▶ [Instructions to follow]
With the pictures left out, every record must be reproduced exactly.
START Data records
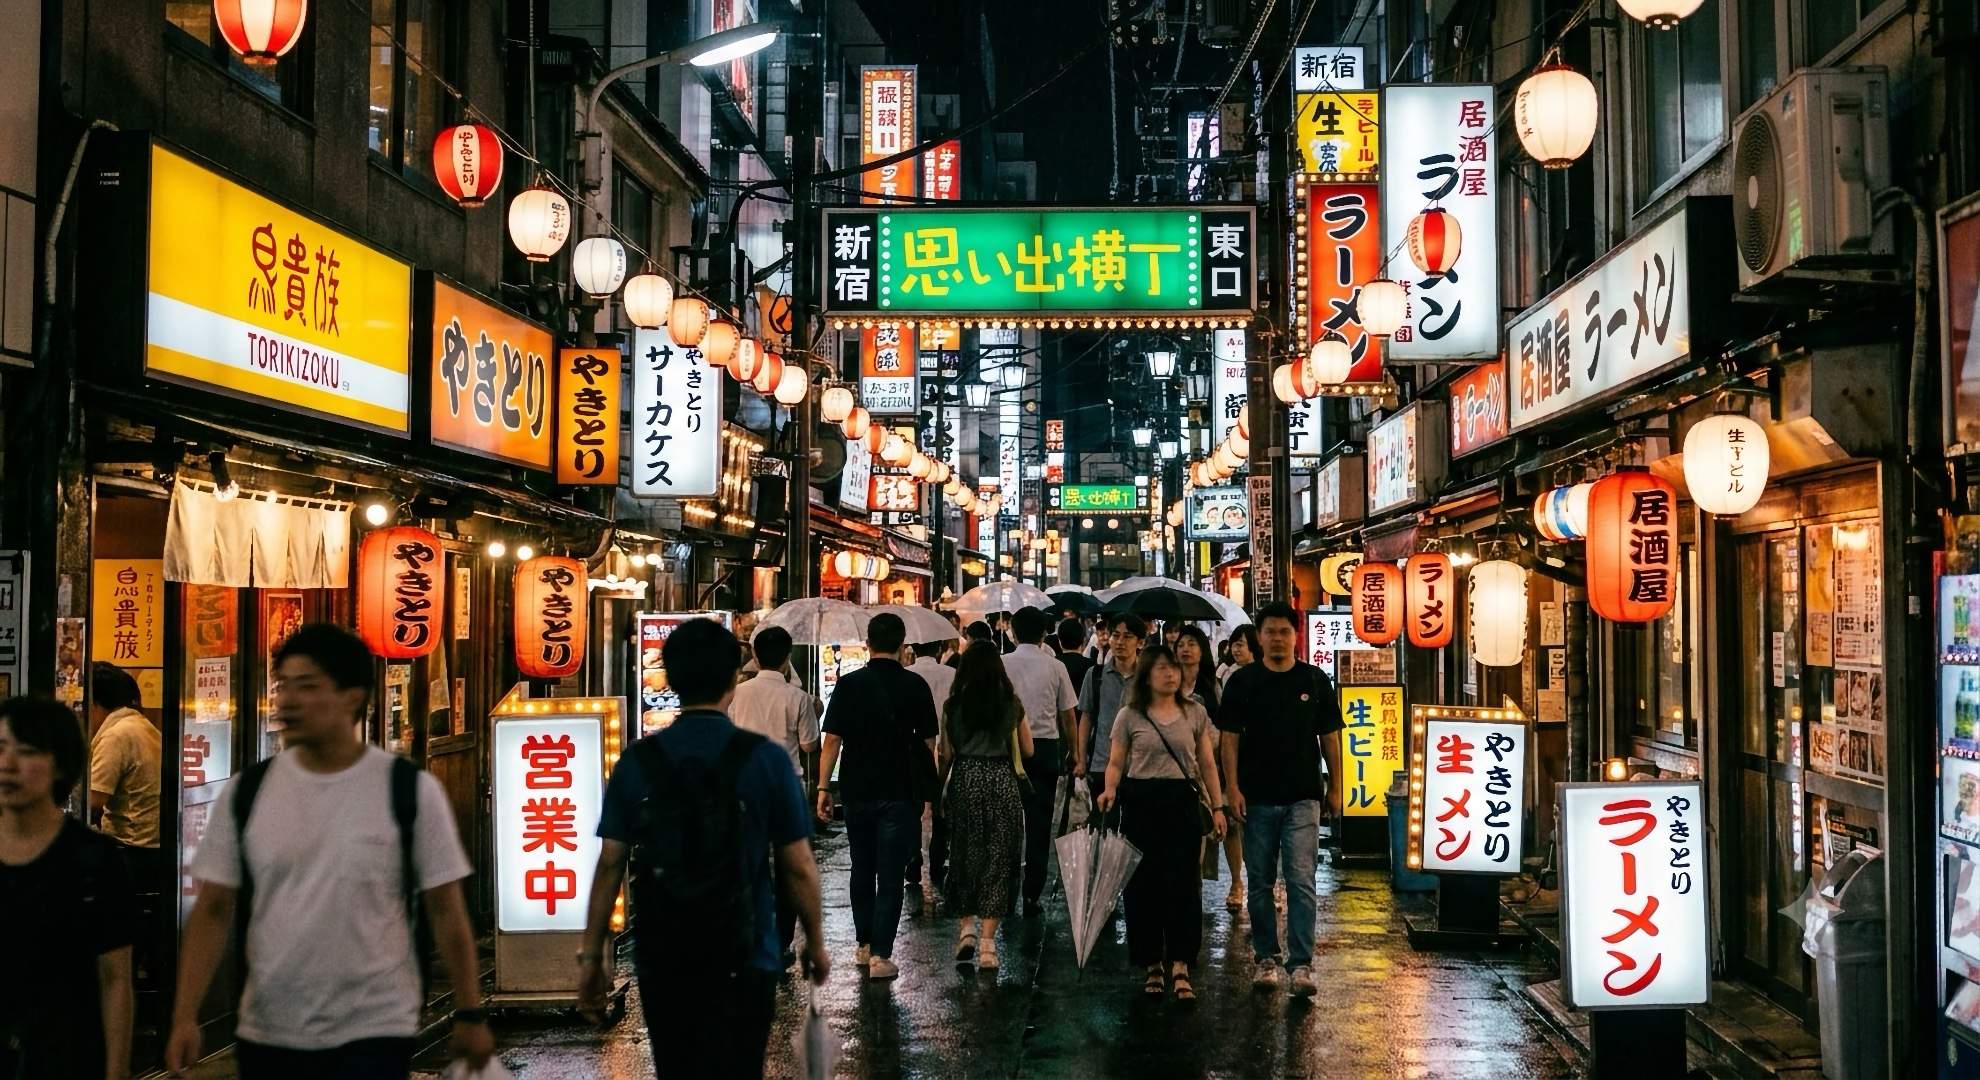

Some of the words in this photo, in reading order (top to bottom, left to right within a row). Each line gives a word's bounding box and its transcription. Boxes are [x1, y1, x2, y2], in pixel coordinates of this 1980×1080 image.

[1301, 53, 1356, 79] 新宿
[1458, 100, 1488, 197] 居酒屋
[834, 224, 871, 301] 新宿
[900, 227, 1182, 296] 思い出横丁
[1207, 223, 1245, 298] 東口
[1416, 153, 1462, 341] ラン
[248, 332, 340, 389] TORIKIZOKU
[441, 318, 546, 437] やきとり
[1520, 308, 1571, 410] 居酒屋
[1584, 247, 1675, 382] ラーメン
[571, 354, 609, 479] やきとり
[645, 346, 674, 486] サーカケス
[685, 348, 704, 434] やきとり
[393, 541, 435, 648] やきとり
[1628, 489, 1671, 603] 居酒屋
[540, 567, 575, 667] やきとり
[1419, 562, 1444, 639] ラーメン
[1346, 698, 1376, 808] 生ビール
[1484, 732, 1515, 863] やきとり
[521, 734, 578, 916] 営業中
[1666, 795, 1692, 895] やきとり
[1598, 799, 1662, 997] ラーメン
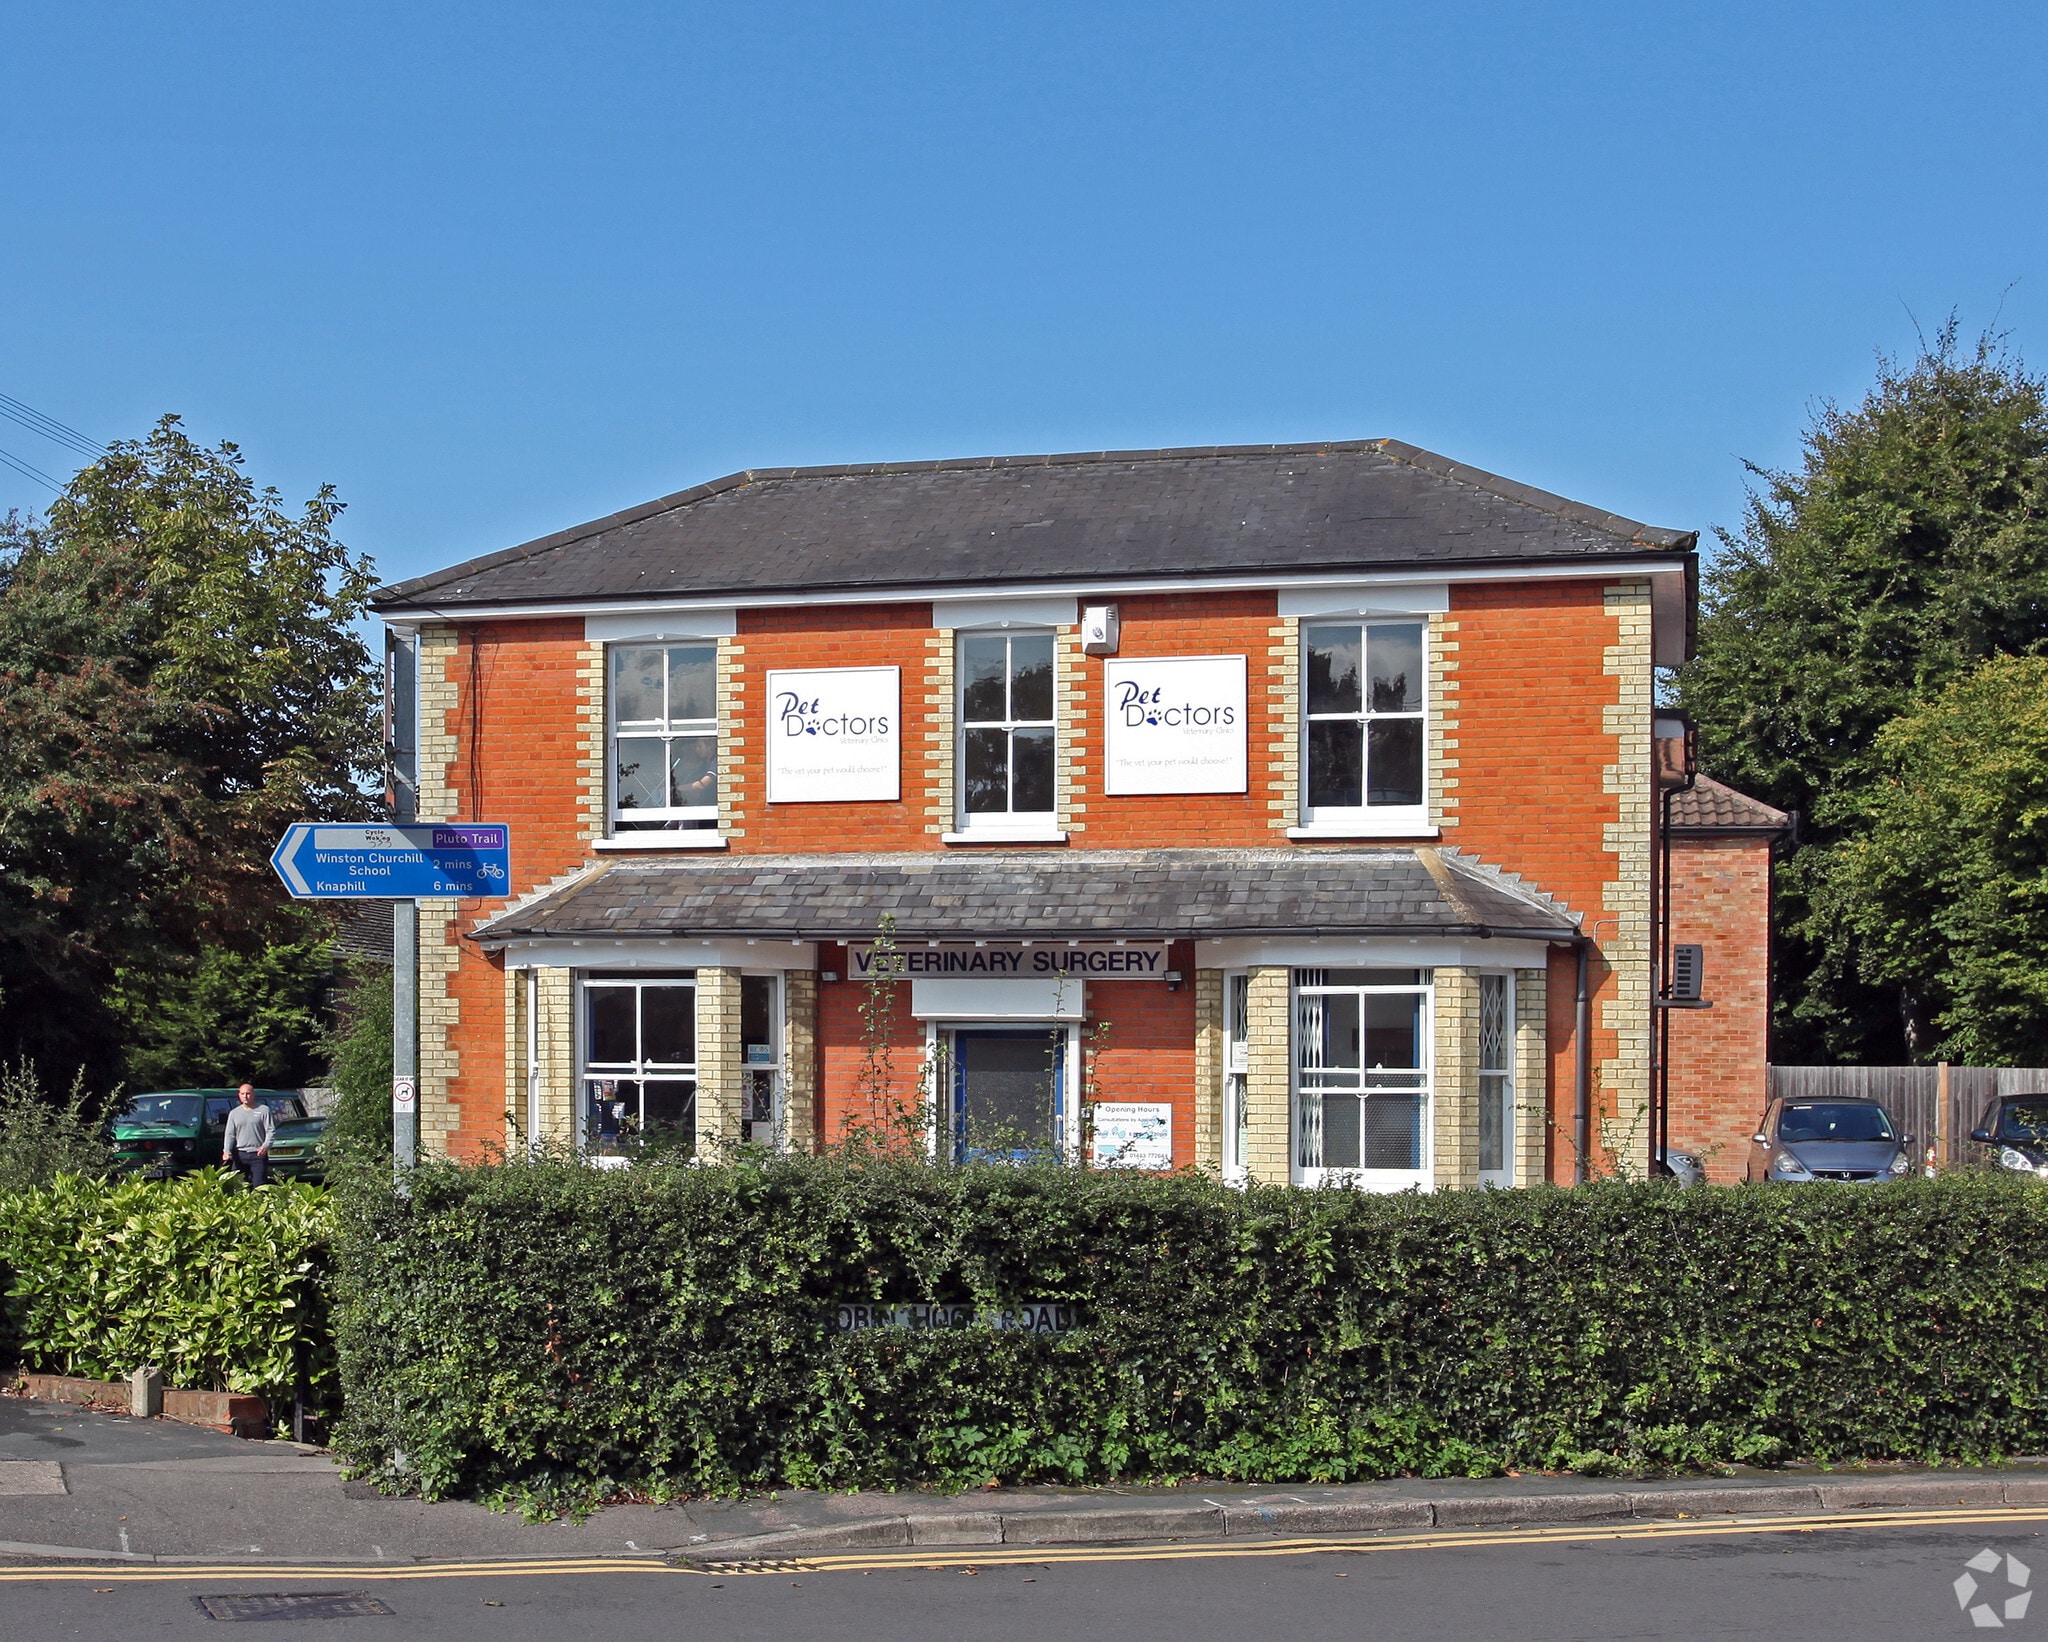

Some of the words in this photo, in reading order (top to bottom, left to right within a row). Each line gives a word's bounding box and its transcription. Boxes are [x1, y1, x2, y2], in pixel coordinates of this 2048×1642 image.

[1115, 681, 1160, 711] Pet
[776, 692, 819, 721] Pet
[1134, 759, 1145, 767] vet
[1147, 760, 1162, 768] your
[1164, 758, 1176, 767] pet
[1178, 756, 1198, 765] would
[807, 768, 821, 776] your
[823, 767, 834, 775] pet
[836, 765, 855, 773] would
[435, 833, 468, 844] Pluto
[472, 833, 498, 844] Trail
[316, 853, 364, 863] Winston
[369, 853, 424, 863] Churchill
[433, 859, 440, 869] 2
[444, 860, 472, 869] mins
[349, 866, 391, 876] School
[316, 881, 366, 893] Knaphill
[433, 881, 441, 891] 6
[445, 881, 473, 891] mins
[855, 952, 1023, 972] VETERINARY
[1033, 951, 1160, 972] SURGERY
[1105, 1106, 1136, 1114] Opening
[1002, 1306, 1071, 1332] ROAD
END Data records
▶ [Task output]
Some of the words in this photo, in reading order (top to bottom, left to right within a row). Each line gives a word's bounding box and its transcription. Boxes are [x1, y1, x2, y2], in pixel coordinates of this 1980×1080 image.

[1301, 53, 1356, 79] 新宿
[1458, 100, 1488, 197] 居酒屋
[834, 224, 871, 301] 新宿
[900, 227, 1182, 296] 思い出横丁
[1207, 223, 1245, 298] 東口
[1416, 153, 1462, 341] ラン
[248, 332, 340, 389] TORIKIZOKU
[441, 318, 546, 437] やきとり
[1520, 308, 1571, 410] 居酒屋
[1584, 247, 1675, 382] ラーメン
[571, 354, 609, 479] やきとり
[645, 346, 674, 486] サーカケス
[685, 348, 704, 434] やきとり
[393, 541, 435, 648] やきとり
[1628, 489, 1671, 603] 居酒屋
[540, 567, 575, 667] やきとり
[1419, 562, 1444, 639] ラーメン
[1346, 698, 1376, 808] 生ビール
[1484, 732, 1515, 863] やきとり
[521, 734, 578, 916] 営業中
[1666, 795, 1692, 895] やきとり
[1598, 799, 1662, 997] ラーメン

Some of the words in this photo, in reading order (top to bottom, left to right within a row). Each line gives a word's bounding box and its transcription. Boxes are [x1, y1, x2, y2], in pixel coordinates of this 2048×1642 image.

[1115, 681, 1160, 711] Pet
[776, 692, 819, 721] Pet
[1134, 759, 1145, 767] vet
[1147, 760, 1162, 768] your
[1164, 758, 1176, 767] pet
[1178, 756, 1198, 765] would
[807, 768, 821, 776] your
[823, 767, 834, 775] pet
[836, 765, 855, 773] would
[435, 833, 468, 844] Pluto
[472, 833, 498, 844] Trail
[316, 853, 364, 863] Winston
[369, 853, 424, 863] Churchill
[433, 859, 440, 869] 2
[444, 860, 472, 869] mins
[349, 866, 391, 876] School
[316, 881, 366, 893] Knaphill
[433, 881, 441, 891] 6
[445, 881, 473, 891] mins
[855, 952, 1023, 972] VETERINARY
[1033, 951, 1160, 972] SURGERY
[1105, 1106, 1136, 1114] Opening
[1002, 1306, 1071, 1332] ROAD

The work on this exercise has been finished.